Winterberry Group is aligned with other forecasters in believing 2024 will likely be a more vibrant 12 months for ad spending than 2023 while noting that robust top-line growth doesn’t tell the complete story. Case in point: the upcoming election cycle, which can provide a boon for media owners, including in the beleaguered offline arena, but give consumer brands pause as they give the impression of being to avoid getting twisted up in divisive rhetoric and focus as a substitute on more targeted efforts.
The upshot is that creativity will likely be impacted in the months ahead, echoing a staid 2023, while local promoting prices could rise in a cluttered environment for inboxes and airtime. The consultancy expects political ad spending to reach $17 billion in 2024, accounting for roughly 30% of total growth this 12 months. Tailwinds from political campaigns also mask that underlying growth trends are stabilizing after a wild few pandemic years.
Many key channels are undergoing transformation that can bring ups and downs for brands and publishers alike. The live sports space, one in every of the last “moats” around linear TV, is jumping to the streaming arena, as evidenced by Amazon’s recent take care of regional operator Diamond Sports Group. CTV spending is anticipated to grow over 30% YoY in 2024 to hit $33.1 billion as advertisers chase emerging opportunities and a proliferation of ad-supported options.
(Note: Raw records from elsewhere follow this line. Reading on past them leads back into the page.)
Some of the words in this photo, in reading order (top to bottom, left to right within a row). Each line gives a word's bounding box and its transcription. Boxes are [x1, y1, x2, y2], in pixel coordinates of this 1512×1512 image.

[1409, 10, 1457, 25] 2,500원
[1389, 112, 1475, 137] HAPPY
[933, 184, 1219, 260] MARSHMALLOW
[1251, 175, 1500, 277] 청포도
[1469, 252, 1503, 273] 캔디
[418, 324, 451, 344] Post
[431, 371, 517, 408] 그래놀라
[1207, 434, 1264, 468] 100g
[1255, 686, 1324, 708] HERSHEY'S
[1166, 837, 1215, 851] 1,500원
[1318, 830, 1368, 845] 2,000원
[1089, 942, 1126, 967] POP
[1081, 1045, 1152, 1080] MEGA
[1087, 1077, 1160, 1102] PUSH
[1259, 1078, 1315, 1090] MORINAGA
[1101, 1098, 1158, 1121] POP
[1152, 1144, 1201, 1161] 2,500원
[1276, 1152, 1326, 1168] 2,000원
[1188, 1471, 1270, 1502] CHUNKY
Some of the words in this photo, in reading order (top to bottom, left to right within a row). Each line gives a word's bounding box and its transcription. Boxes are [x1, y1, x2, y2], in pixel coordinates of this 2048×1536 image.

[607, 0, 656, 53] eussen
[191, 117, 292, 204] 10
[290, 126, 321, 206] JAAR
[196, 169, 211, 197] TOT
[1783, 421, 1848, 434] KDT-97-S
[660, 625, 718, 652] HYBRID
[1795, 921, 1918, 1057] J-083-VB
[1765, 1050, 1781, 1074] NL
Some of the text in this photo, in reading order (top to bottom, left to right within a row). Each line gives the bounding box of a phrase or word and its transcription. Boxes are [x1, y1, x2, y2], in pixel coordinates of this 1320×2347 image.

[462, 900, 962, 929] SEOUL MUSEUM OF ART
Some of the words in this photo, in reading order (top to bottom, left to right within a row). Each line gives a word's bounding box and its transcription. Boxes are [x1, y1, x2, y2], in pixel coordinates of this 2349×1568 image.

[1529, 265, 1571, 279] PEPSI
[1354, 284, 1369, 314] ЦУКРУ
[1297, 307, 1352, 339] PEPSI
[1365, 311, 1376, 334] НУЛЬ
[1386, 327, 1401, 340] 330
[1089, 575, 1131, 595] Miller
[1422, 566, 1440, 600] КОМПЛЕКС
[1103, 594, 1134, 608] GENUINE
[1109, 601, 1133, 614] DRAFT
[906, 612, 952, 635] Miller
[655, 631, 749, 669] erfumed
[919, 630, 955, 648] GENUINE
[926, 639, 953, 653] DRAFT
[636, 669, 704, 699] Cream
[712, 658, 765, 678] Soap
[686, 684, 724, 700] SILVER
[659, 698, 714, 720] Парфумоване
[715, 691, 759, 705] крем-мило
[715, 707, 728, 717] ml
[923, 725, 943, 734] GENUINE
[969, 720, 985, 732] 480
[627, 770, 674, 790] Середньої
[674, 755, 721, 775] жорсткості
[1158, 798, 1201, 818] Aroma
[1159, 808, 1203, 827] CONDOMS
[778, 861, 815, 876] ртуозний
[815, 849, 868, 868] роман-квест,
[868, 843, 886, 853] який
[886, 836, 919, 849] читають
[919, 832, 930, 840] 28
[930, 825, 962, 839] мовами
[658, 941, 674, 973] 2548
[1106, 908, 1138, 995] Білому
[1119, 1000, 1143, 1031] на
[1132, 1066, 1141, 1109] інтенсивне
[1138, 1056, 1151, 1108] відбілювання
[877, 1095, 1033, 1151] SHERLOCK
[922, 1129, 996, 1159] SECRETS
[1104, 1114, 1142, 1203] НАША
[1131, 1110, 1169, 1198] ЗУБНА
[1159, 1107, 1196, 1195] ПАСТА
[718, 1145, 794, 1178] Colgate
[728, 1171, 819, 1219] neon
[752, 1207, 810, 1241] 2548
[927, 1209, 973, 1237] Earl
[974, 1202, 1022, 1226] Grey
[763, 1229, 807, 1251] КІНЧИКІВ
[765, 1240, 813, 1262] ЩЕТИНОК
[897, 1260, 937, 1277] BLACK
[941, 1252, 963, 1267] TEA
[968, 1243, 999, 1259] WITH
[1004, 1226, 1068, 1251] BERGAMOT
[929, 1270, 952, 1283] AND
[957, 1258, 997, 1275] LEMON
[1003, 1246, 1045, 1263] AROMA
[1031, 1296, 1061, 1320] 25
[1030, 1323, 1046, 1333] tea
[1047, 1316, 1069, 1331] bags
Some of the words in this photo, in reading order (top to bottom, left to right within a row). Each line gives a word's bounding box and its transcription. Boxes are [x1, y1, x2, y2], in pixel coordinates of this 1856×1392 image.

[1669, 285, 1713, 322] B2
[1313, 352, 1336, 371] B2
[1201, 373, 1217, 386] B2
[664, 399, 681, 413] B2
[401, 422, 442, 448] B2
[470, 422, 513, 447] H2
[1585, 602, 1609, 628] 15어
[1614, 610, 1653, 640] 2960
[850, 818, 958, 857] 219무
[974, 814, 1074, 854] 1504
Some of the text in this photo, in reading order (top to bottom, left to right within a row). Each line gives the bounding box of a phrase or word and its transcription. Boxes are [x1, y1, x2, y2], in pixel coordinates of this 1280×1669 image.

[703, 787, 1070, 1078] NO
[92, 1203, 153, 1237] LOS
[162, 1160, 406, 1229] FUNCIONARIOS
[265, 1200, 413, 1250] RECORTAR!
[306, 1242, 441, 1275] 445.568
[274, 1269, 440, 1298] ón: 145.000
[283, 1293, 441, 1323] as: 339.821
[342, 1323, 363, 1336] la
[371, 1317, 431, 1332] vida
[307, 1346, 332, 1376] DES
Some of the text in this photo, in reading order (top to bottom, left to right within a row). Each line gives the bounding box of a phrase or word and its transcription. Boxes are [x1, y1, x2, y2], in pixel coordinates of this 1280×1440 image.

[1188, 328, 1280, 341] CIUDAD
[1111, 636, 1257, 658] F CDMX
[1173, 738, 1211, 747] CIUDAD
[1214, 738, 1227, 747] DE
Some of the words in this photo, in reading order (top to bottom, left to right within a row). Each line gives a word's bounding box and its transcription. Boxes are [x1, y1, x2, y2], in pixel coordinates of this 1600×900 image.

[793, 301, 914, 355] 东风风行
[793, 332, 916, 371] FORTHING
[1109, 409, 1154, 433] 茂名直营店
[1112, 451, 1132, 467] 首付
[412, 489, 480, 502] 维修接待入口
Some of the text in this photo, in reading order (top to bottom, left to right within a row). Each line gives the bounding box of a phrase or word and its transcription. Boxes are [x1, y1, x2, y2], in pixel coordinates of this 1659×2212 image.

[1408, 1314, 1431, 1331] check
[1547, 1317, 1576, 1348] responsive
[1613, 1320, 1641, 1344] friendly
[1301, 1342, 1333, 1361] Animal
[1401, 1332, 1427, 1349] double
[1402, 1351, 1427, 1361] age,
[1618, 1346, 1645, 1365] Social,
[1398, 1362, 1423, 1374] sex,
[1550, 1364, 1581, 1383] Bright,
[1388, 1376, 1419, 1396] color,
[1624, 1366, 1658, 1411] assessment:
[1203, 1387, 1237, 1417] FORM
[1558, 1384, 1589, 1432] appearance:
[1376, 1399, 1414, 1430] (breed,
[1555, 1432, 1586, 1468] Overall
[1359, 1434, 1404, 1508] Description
Networks will respond to these shifts by taking a more disciplined approach to dealmaking, bundling linear and digital buys together and providing higher audience-targeting tools, according to Winterberry Group. Blurring lines between linear and digital will still deliver measurement headaches, with greater than half (53%) of surveyed TV advertisers citing a scarcity of common metrics across channels as a top challenge. Pains stemming from data silos were a prevalent theme in Winterberry Group’s findings.
Attempts to tackle cookie deprecation will buoy data-driven marketing but could divide marketers’ attention from fraud, waste and transparency problems. One rising juggernaut is connected commerce, a bucket that encompasses retail media networks. A bigger profile for the channel comes with increased complexity around measurement and media buying, a pain point that could possibly be solved by investments in areas like ML and AI, per Winterberry Group.
“Investment in data-driven channels will flourish in 2024, with spending on data, data services and data infrastructure predicted to top $36 billion — representing a 13.9% increase from last 12 months,” said Bruce Biegel, Winterberry Group’s senior managing partner, in a press release attached to the report. “We consider the market is poised to reclaim much of the expansion momentum that’s been lacking for much of the last 12 months.”
The chase to realize marketing use cases for shiny generative AI tech could also outstrip consumer interest and clash with governance concerns around personal data handling. Just half (51%) of surveyed consumers have tried out software like OpenAI’s ChatGPT and DALL-E, suggesting media hype is ahead of adoption, with Winterberry Group eyeing 2026 as a more likely window for correct acceleration for the category.